Perl 5 would have done it with two passes.  Which is why Perl 6 is
specced to always do one-pass parsing instead.  :-)

One wrinkle of one-pass is that the parser must somehow know where
to quit.  It's fine if you know you want a block and can call a rule
that automatically terminates on '}', or if your rule reliably gets an
error at the point it should stop.  But in the general case you might
want to be able to pass in a set of terminating delimiters that stop
the outermost parse even if it looks like it should otherwise continue.

: ...Perl 6 brings in several new delimiters that have to be taken into
: account in the balancing act.

These should generally be recognizable from Unicode properties, but
that's not a good reason to take the balanced approach.  And as soon
as people start defining their own circumfix operators that violate
the Unicode properties, all bets are off.  Even a user-defined quote
is going to cause grief unless you know the / of xxx/.../ is an opener.

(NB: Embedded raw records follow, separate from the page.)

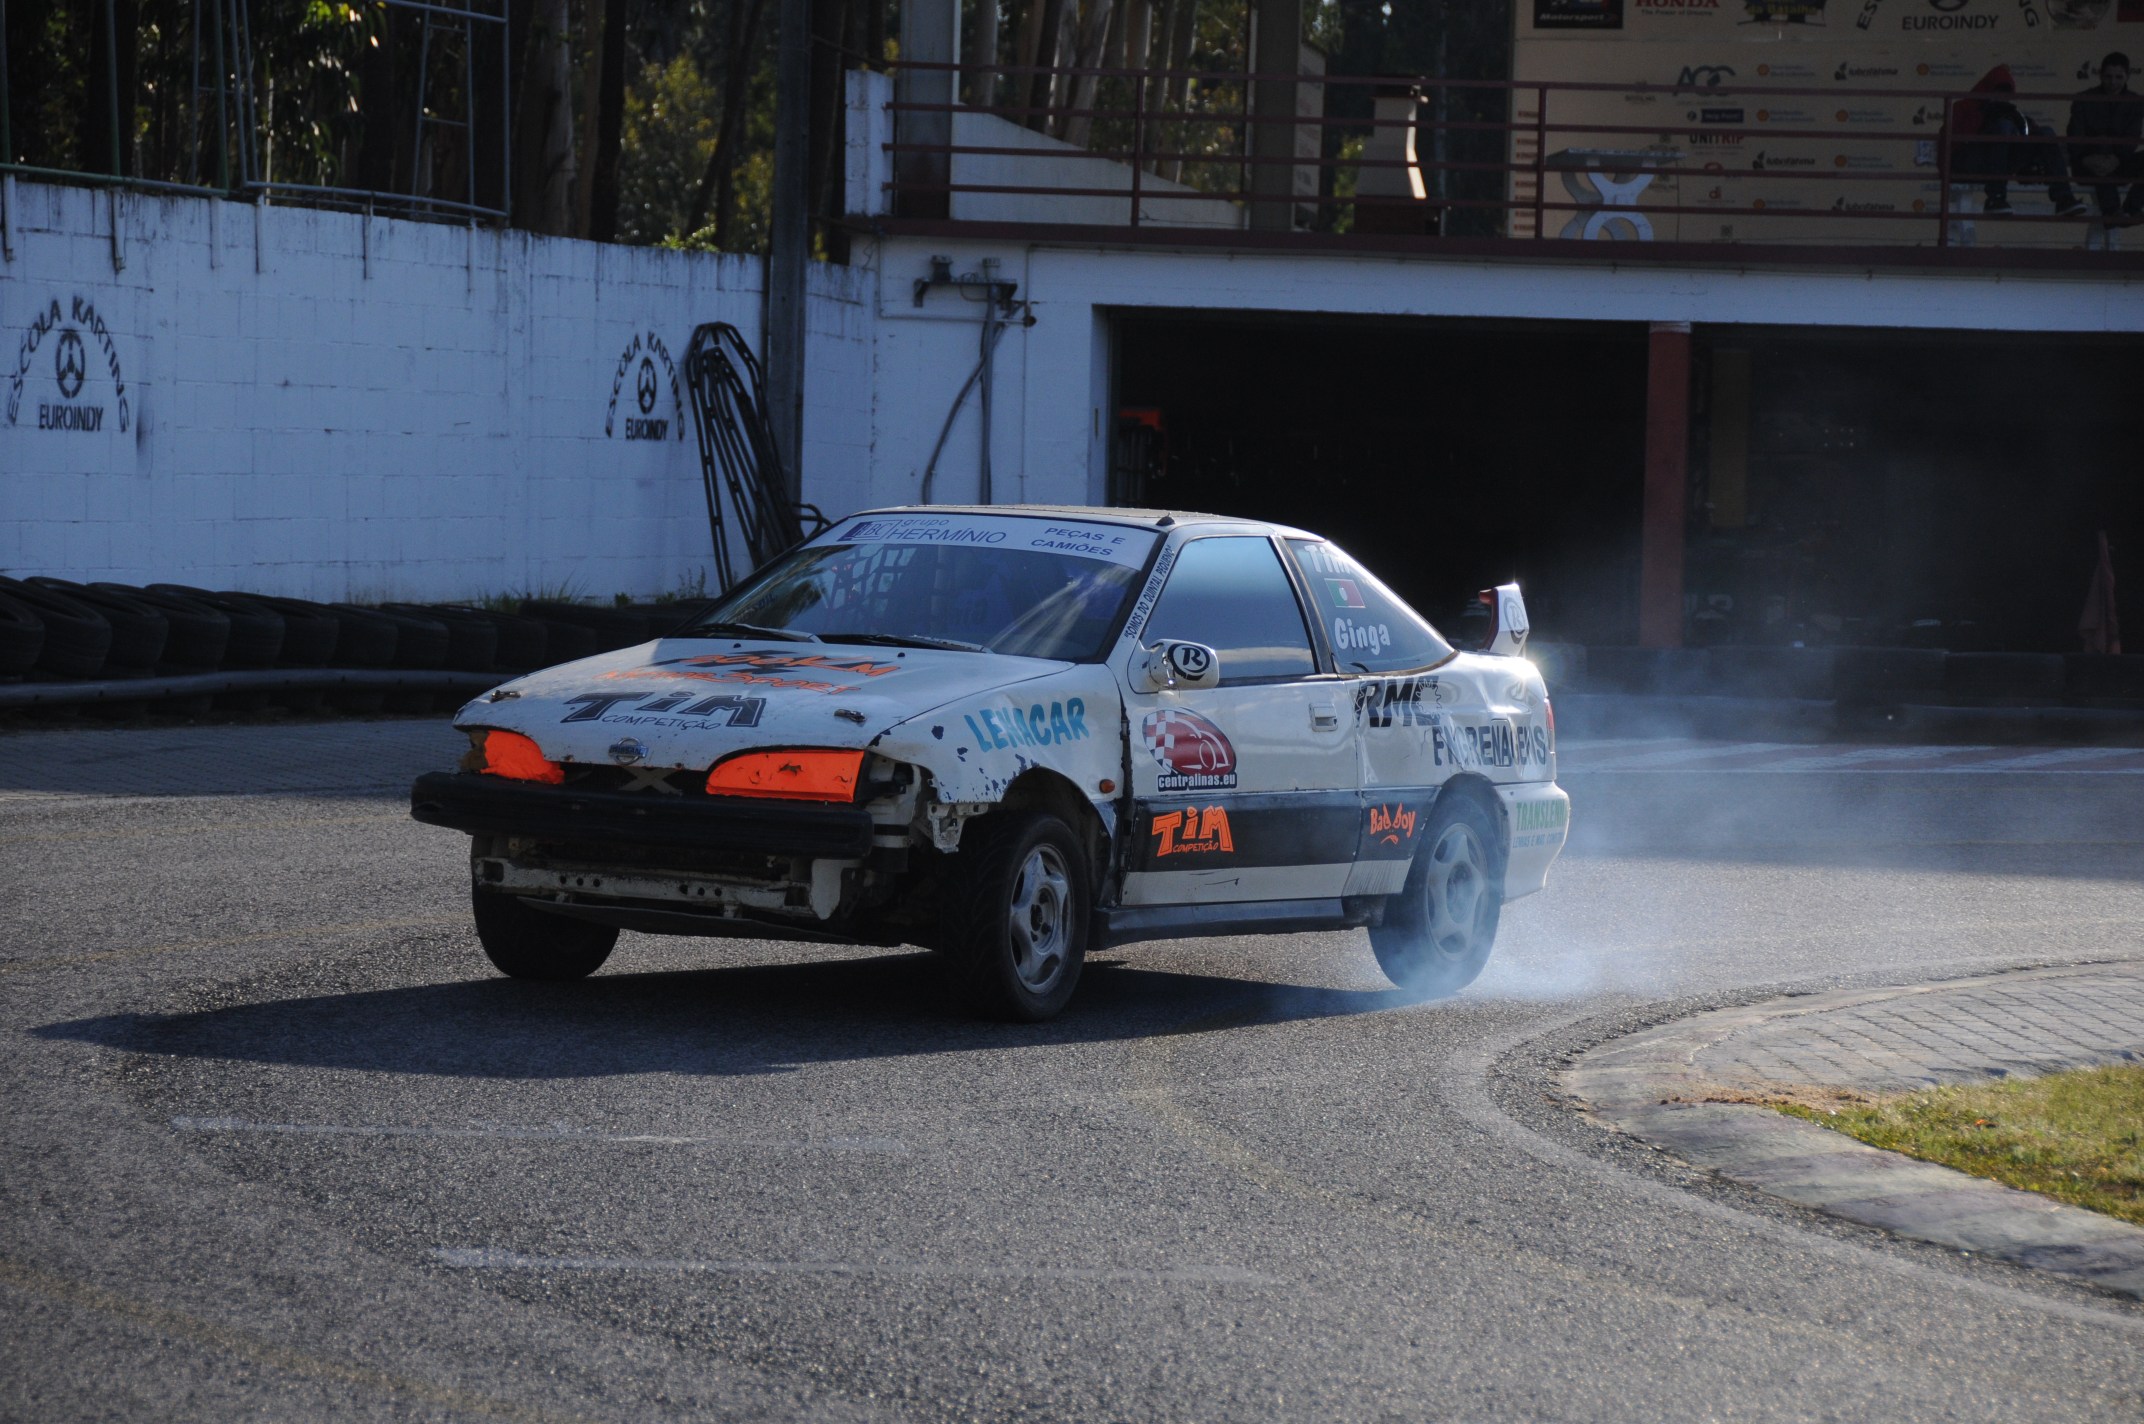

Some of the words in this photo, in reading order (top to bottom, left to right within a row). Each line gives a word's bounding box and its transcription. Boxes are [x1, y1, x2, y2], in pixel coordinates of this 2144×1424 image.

[1539, 13, 1605, 22] Motorsport
[1902, 15, 1999, 30] EUROINDY
[7, 298, 61, 426] ESCOLA
[72, 295, 130, 433] KARTING
[605, 333, 641, 438] ESCOLA
[647, 331, 685, 442] KARTING
[39, 403, 104, 432] EUROINDY
[625, 417, 669, 440] EUROINDY
[900, 519, 950, 528] grupo
[886, 527, 1007, 544] HERMÍNIO
[1044, 527, 1105, 543] PEÇAS
[1110, 537, 1127, 546] E
[1030, 538, 1113, 556] CAMIÕES
[1143, 575, 1163, 603] QUINTAL
[1137, 601, 1150, 615] DO
[1334, 617, 1391, 656] Ginga
[601, 713, 721, 731] COMPETIÇÃO
[1158, 773, 1237, 788] centralinas.eu
[1172, 840, 1220, 853] COMPETIÇÃO

For languages that cannot do one-pass parsing, it would be saner in
the long run for rules to delimit such code with delimiters that
are unlikely to occur in the target language.  Double curlies, or
here docs, or some such.  That's hacky, but counting brackets is
also hacky.  Any time you write two different parsers for the same
language, it's a new set of bugs just waiting to happen.